• What you are asked to do:
Keep the pictures out of the copy and repeat the records exactly.

(Extracted information)

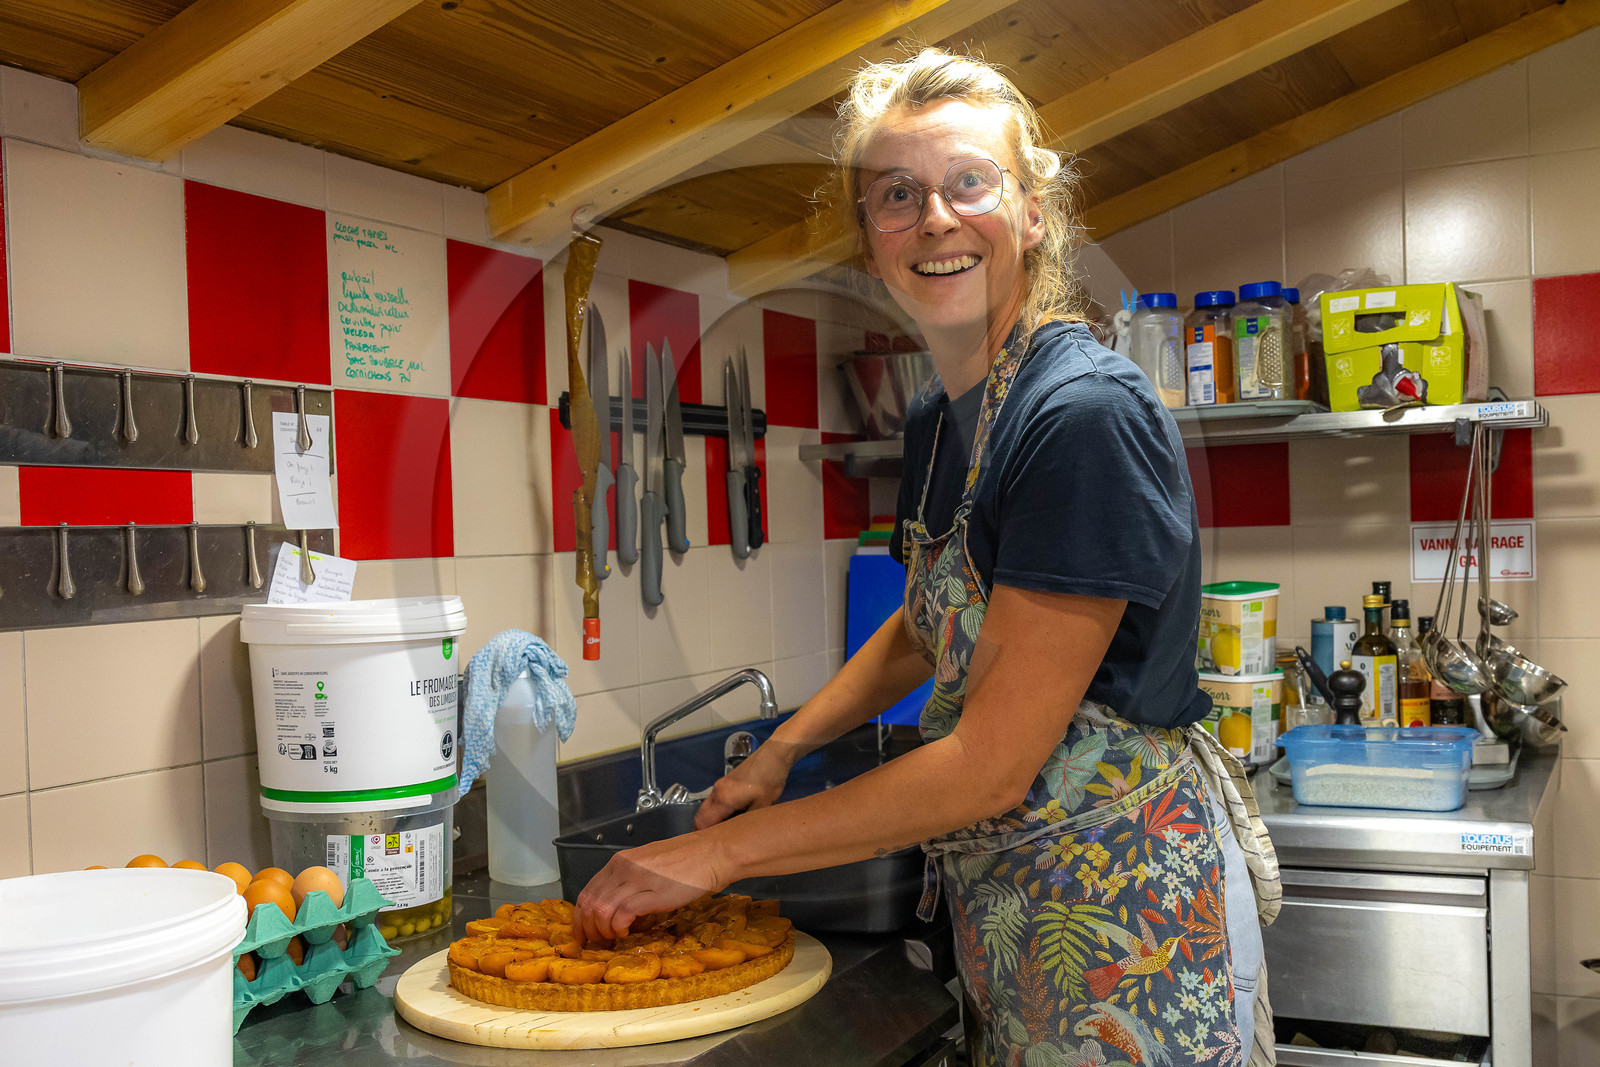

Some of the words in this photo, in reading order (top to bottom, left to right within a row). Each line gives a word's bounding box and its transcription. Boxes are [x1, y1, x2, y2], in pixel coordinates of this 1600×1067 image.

[385, 244, 398, 253] WC
[1420, 538, 1461, 550] VANN
[410, 680, 421, 696] LE
[424, 674, 454, 694] FROMAGE
[430, 696, 440, 708] DES
[330, 766, 338, 774] kg
[1462, 833, 1512, 845] TOURNUS
[1462, 844, 1512, 852] EQUIPEMENT

(End Extracted information)

• Task result:
Some of the words in this photo, in reading order (top to bottom, left to right within a row). Each line gives a word's bounding box and its transcription. Boxes are [x1, y1, x2, y2], in pixel coordinates of this 1600×1067 image.

[385, 244, 398, 253] WC
[1420, 538, 1461, 550] VANN
[410, 680, 421, 696] LE
[424, 674, 454, 694] FROMAGE
[430, 696, 440, 708] DES
[330, 766, 338, 774] kg
[1462, 833, 1512, 845] TOURNUS
[1462, 844, 1512, 852] EQUIPEMENT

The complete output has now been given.